*** Block opens ***

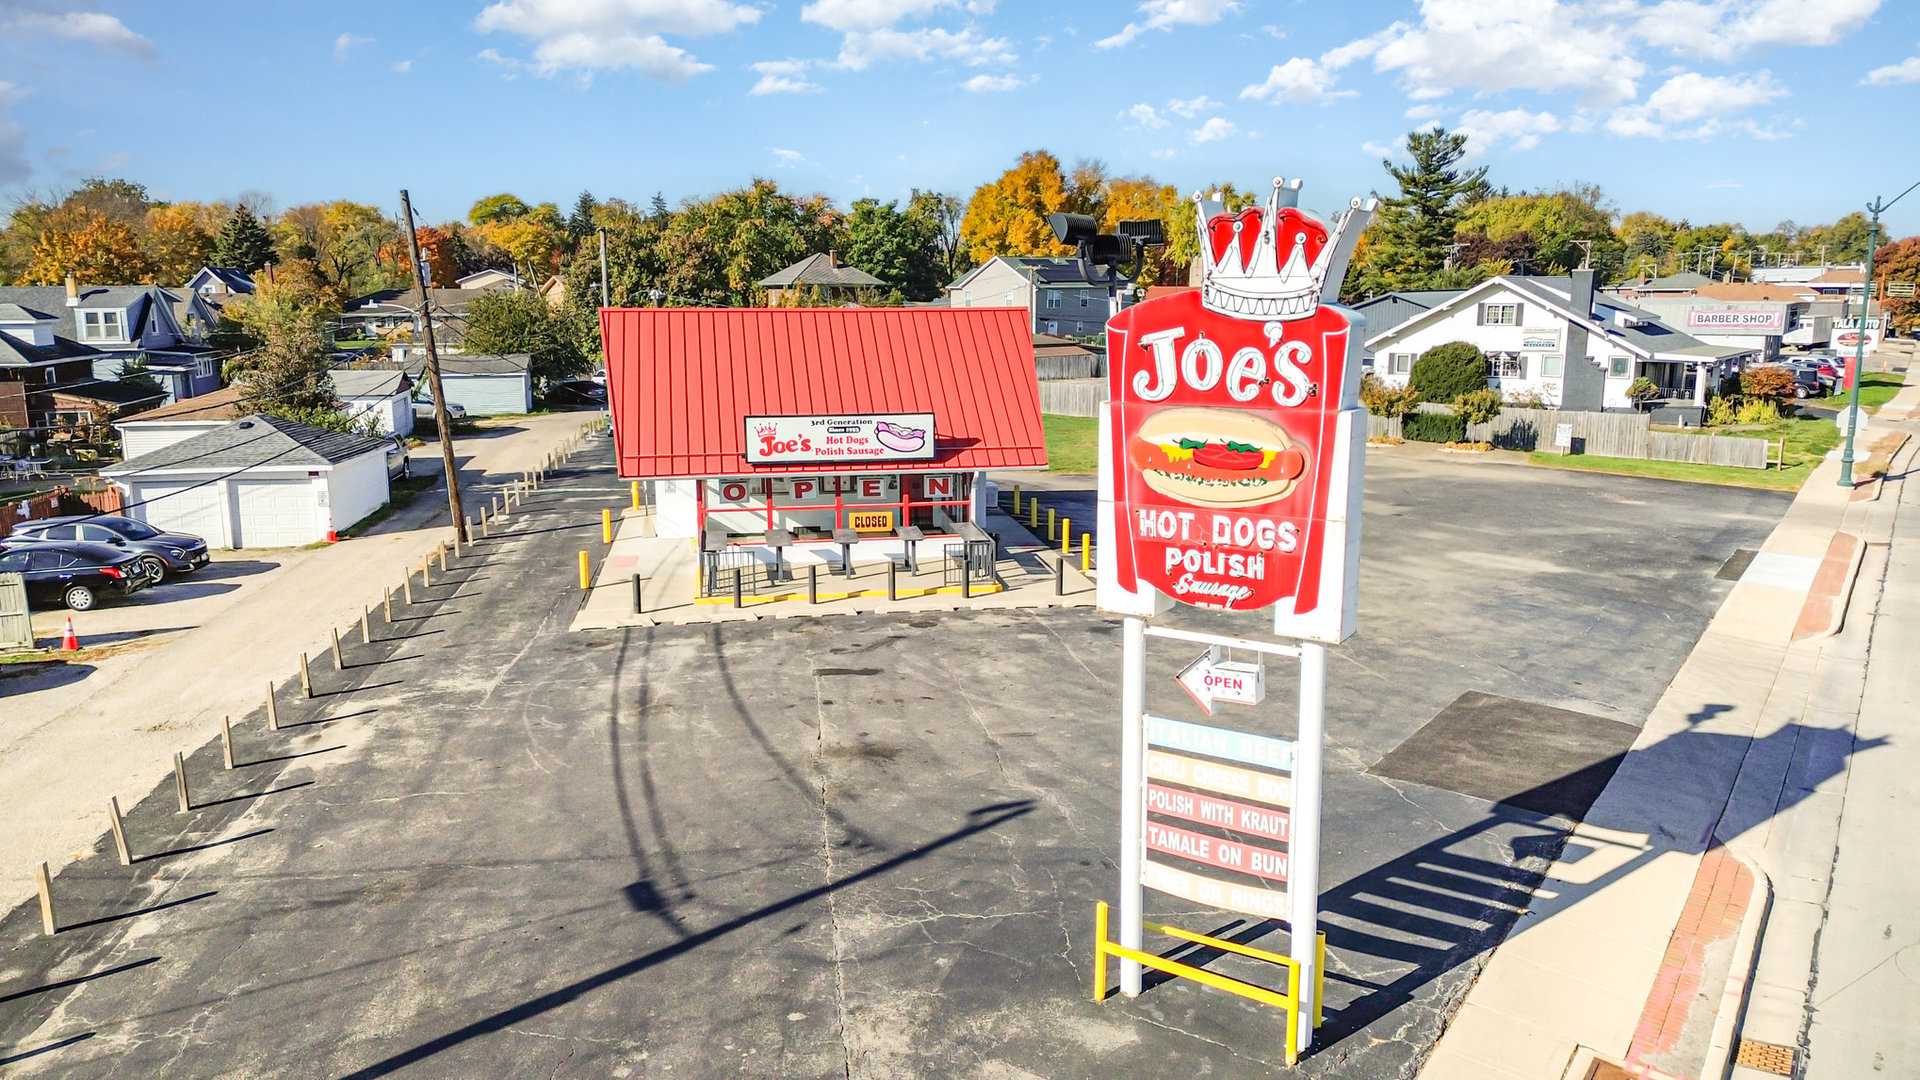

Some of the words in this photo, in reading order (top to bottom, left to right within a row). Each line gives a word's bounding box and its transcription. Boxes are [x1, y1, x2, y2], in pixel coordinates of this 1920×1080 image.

[1696, 314, 1740, 324] BARBER
[1742, 314, 1773, 324] SHOP
[1833, 319, 1854, 329] TALA
[1132, 321, 1313, 408] Joe's
[827, 418, 873, 426] Generation
[759, 433, 812, 457] Joe's
[826, 435, 844, 446] Hot
[846, 436, 869, 447] Dogs
[815, 446, 845, 456] Polish
[847, 446, 885, 457] Sausage
[854, 515, 887, 528] CLOSED
[1137, 509, 1197, 540] HOT
[1212, 515, 1298, 553] DOGS
[1165, 547, 1265, 580] POLISH
[1173, 573, 1254, 609] Sausage
[1204, 675, 1243, 691] OPEN
[1148, 790, 1193, 817] POLISH
[1200, 801, 1234, 826] WITH
[1241, 809, 1288, 838] KRAUT
[1148, 825, 1209, 859] TAMALE
[1218, 843, 1242, 866] ON
[1251, 851, 1288, 878] BUN

*** Block closes ***

Task directions:
Give every entry above again, exactly, and keep all pictures out of it.

Solution for this exercise:
Some of the words in this photo, in reading order (top to bottom, left to right within a row). Each line gives a word's bounding box and its transcription. Boxes are [x1, y1, x2, y2], in pixel coordinates of this 1920×1080 image.

[1696, 314, 1740, 324] BARBER
[1742, 314, 1773, 324] SHOP
[1833, 319, 1854, 329] TALA
[1132, 321, 1313, 408] Joe's
[827, 418, 873, 426] Generation
[759, 433, 812, 457] Joe's
[826, 435, 844, 446] Hot
[846, 436, 869, 447] Dogs
[815, 446, 845, 456] Polish
[847, 446, 885, 457] Sausage
[854, 515, 887, 528] CLOSED
[1137, 509, 1197, 540] HOT
[1212, 515, 1298, 553] DOGS
[1165, 547, 1265, 580] POLISH
[1173, 573, 1254, 609] Sausage
[1204, 675, 1243, 691] OPEN
[1148, 790, 1193, 817] POLISH
[1200, 801, 1234, 826] WITH
[1241, 809, 1288, 838] KRAUT
[1148, 825, 1209, 859] TAMALE
[1218, 843, 1242, 866] ON
[1251, 851, 1288, 878] BUN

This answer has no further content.